Its architects envisioned the EU as a model for the world, but current dogma will achieve the opposite, writes John Gray.

2. Why the Tories are ready to risk detonating the Brussels bomb (Daily Telegraph)

Withdrawal from the EU has changed from being a fringe view to mainstream opinion, writes Peter Oborne.

3. Behold, we have a new Sir Humphrey Appleby (Times) (£)

The Attorney-General’s specious reasons for not publishing Prince Charles’s letters are beyond parody, says David Aaronovitch.

4. The Prince of Wales must be free to give his opinions (Daily Telegraph)

Any minister will tell you that the confidence of the Crown is vital for the system to work, writes Jack Straw.

5. The Treasury doesn't know best (Guardian)

Labour rightly wants to reform over-mighty markets, writes David Miliband.

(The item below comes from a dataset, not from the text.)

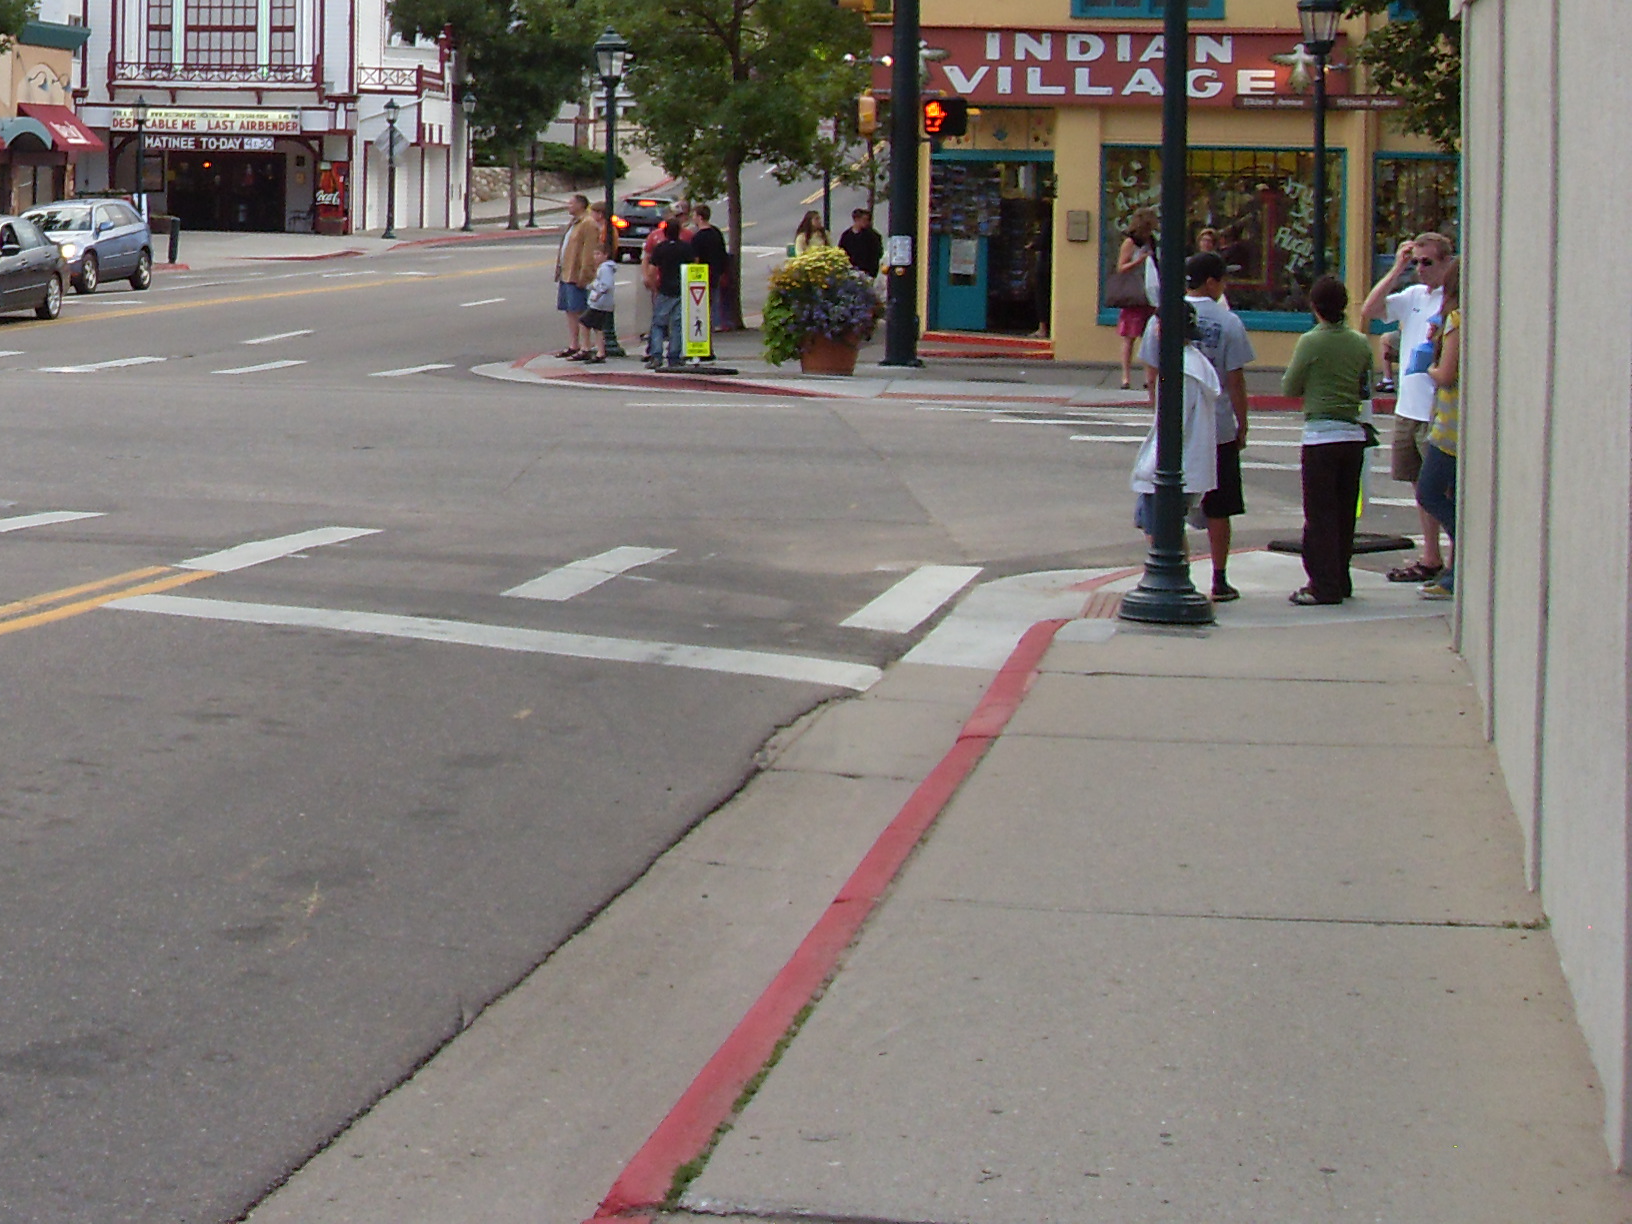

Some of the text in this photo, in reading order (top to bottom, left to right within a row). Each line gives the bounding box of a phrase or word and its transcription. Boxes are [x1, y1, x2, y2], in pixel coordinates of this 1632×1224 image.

But the state also needs to fundamentally change.

6. How much has austerity really cost? (Financial Times)

The contribution of severe deficit reduction is worthy of debate, says Chris Giles.

7. Banning teams is the way to tackle football racism (Independent)

Now is Uefa's chance to send an unequivocal message that there is no place for racism in football, says an Independent leader.

8. Watch out Westminster – council politics just got sexy (Guardian)

We may think we live in a centralised state, but decisions made by local authorities have real impact on our lives, says Zoe Williams.

9. This glimmer of hope could be far brighter (Daily Mail)

George Osborne should be doing far more to help firms seize the chances opening up to them, says a Daily Mail editorial.

10. Malala paid dearly for claiming her right (Financial Times)

Countries that fail to educate females cause themselves incalculable damage, writes David Pilling.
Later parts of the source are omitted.